The reader’s role in the process of getting your screenplay sold is an important one. Think of them as the gatekeeper. Often, a producer may ask to read your script, but you can be sure that with all that a producer has to deal with on a daily basis, they don’t have the time to read every script, even ones they have requested. So, it’s up to the reader to whittle down the piles of scripts (okay, today it’s not literal piles but, more likely, pdf files) to find the few gems to pass feedback on to the producer.

Some screenwriters look at the reader as the enemy—”Oh, they’re just an intern. What do they know about good scripts?”. But that’s far from the truth. Readers are skilled in recognizing well-written, engaging scripts and giving valuable feedback and critique. Their reputation is on the line as much as the screenwriter. Push forward bad scripts and they are no longer considered reliable.

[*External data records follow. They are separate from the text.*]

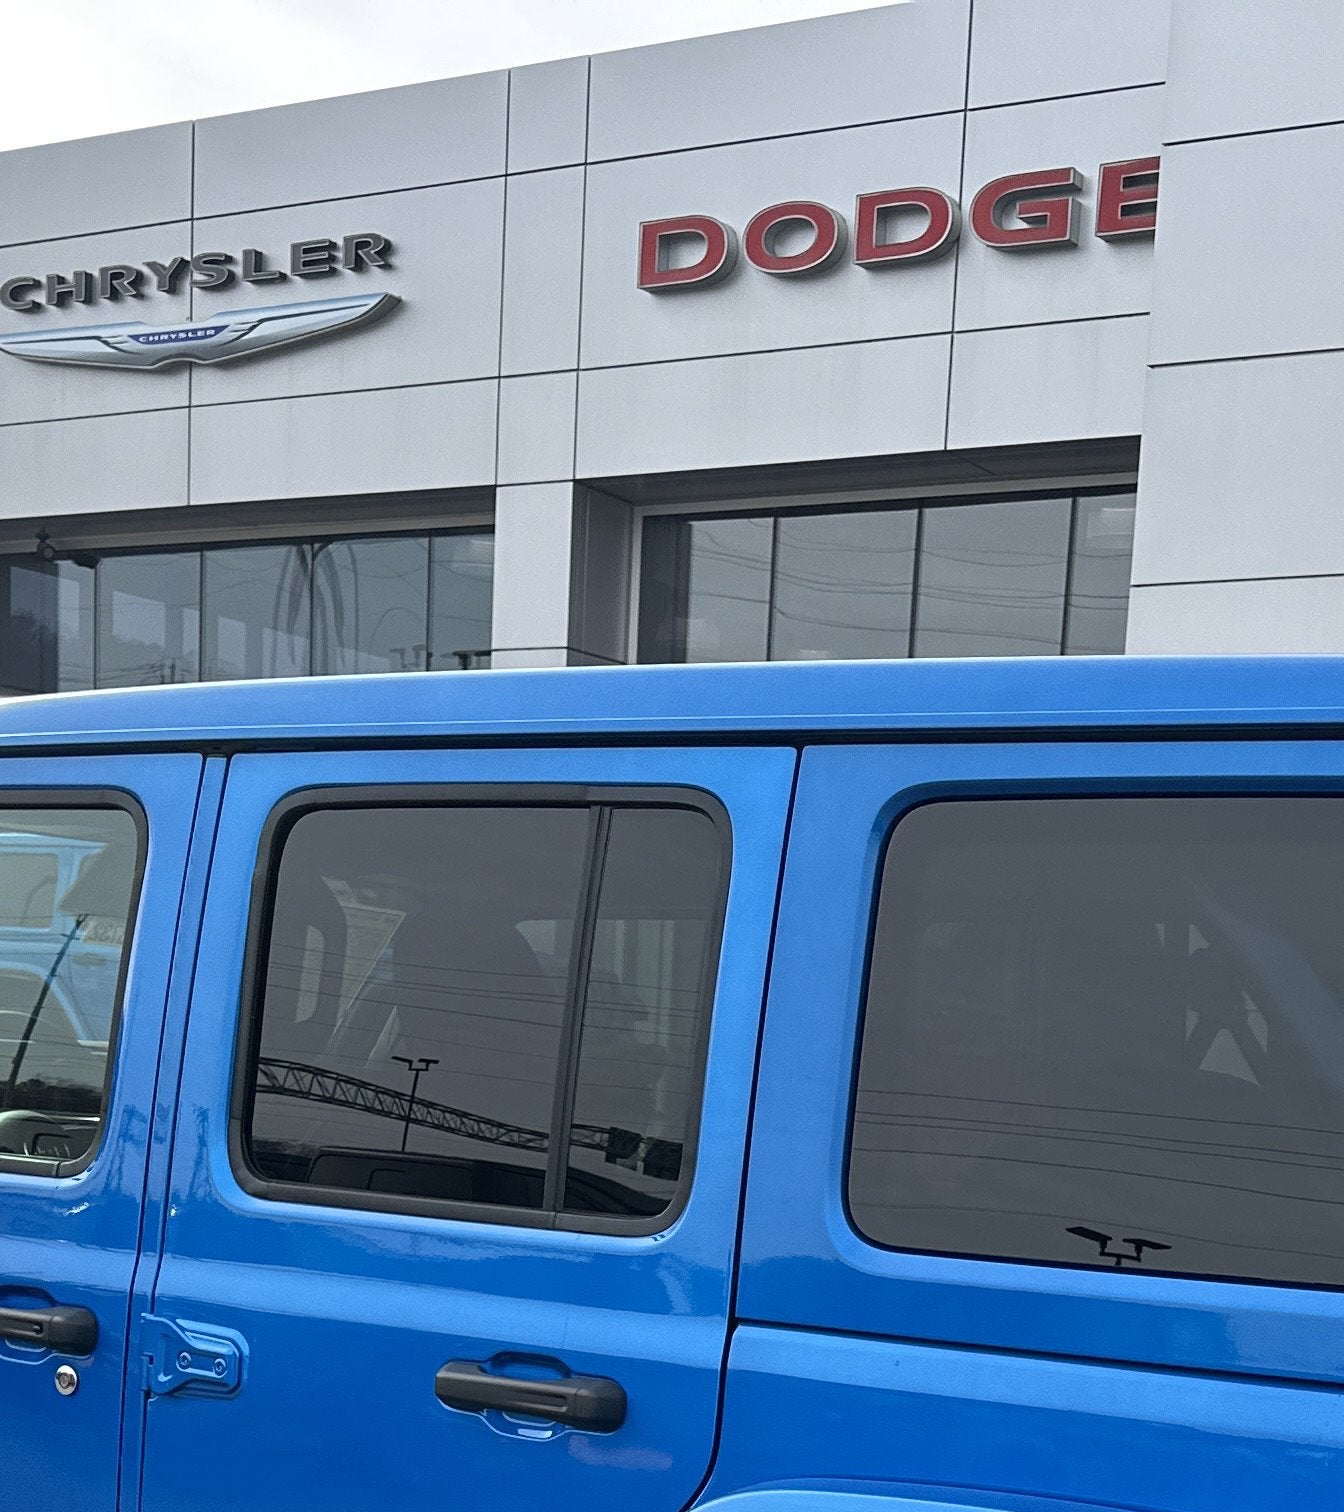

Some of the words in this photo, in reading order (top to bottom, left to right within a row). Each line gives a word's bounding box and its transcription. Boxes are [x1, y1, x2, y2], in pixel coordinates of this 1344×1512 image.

[637, 156, 1161, 293] DODGE
[0, 232, 392, 312] CHRYSLER
[138, 328, 216, 343] CHRYSLER
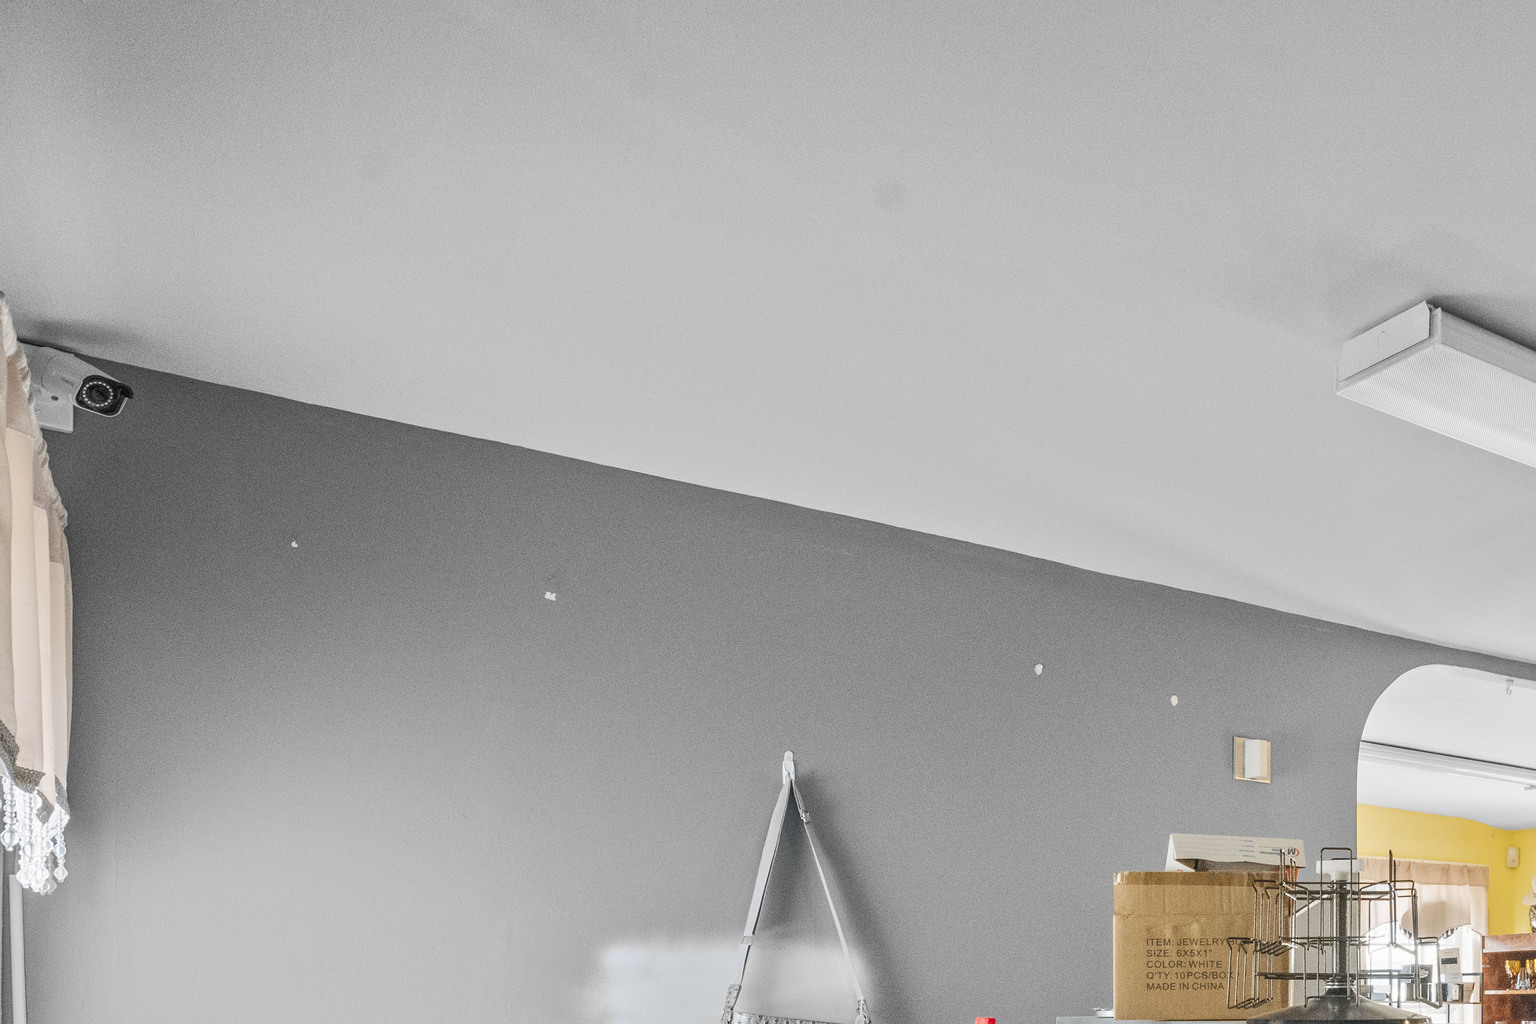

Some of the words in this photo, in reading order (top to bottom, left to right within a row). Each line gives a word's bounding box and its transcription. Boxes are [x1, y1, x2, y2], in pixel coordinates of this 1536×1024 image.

[1146, 938, 1174, 946] ITEM:
[1177, 938, 1225, 946] JEWELRY
[1146, 949, 1172, 957] SIZE:
[1146, 960, 1186, 968] COLOR:
[1188, 960, 1222, 968] WHITE
[1146, 982, 1176, 990] MADE
[1179, 982, 1189, 990] IN
[1192, 982, 1225, 990] CHINA

So, with the mindset of the reader as an ally, there are certain keys to making sure your script is started and, to paraphrase Dahl, finishes the script. It’s important to remember the first ten are important. Lose the reader by page 10 and the script goes into the “pass” bin. But really, the reader needs to be engaged by page 5. So:

  • Establish the world of the story, the tone, mood and, of course, your main character.
  • Clearly define the goals of your main character. What is missing from their life that will make them whole by the end of the script.
  • Make sure it’s clear what the story is about. If the reader gets to page 10 and doesn’t know what the story is about, you’ve lost them.
  • Have the reader want to turn to page 11. It’s not only important that the reader knows the story, but that it’s well-crafted, well-written and exciting to read. This means not giving away too much, but rather, just enough to make the reader want to keep reading.
  • Write in the correct format. This may seem simple, and surely a reader will forgive certain things if the story is great, but using the correct format—standard screenplay format, spell-checked and proofread is important. It separates the amateur from the professional.

Remember to always ask yourself how will the reader react and what the feedback will be. Think like Roald Dahl—you want them to finish it, but love it!.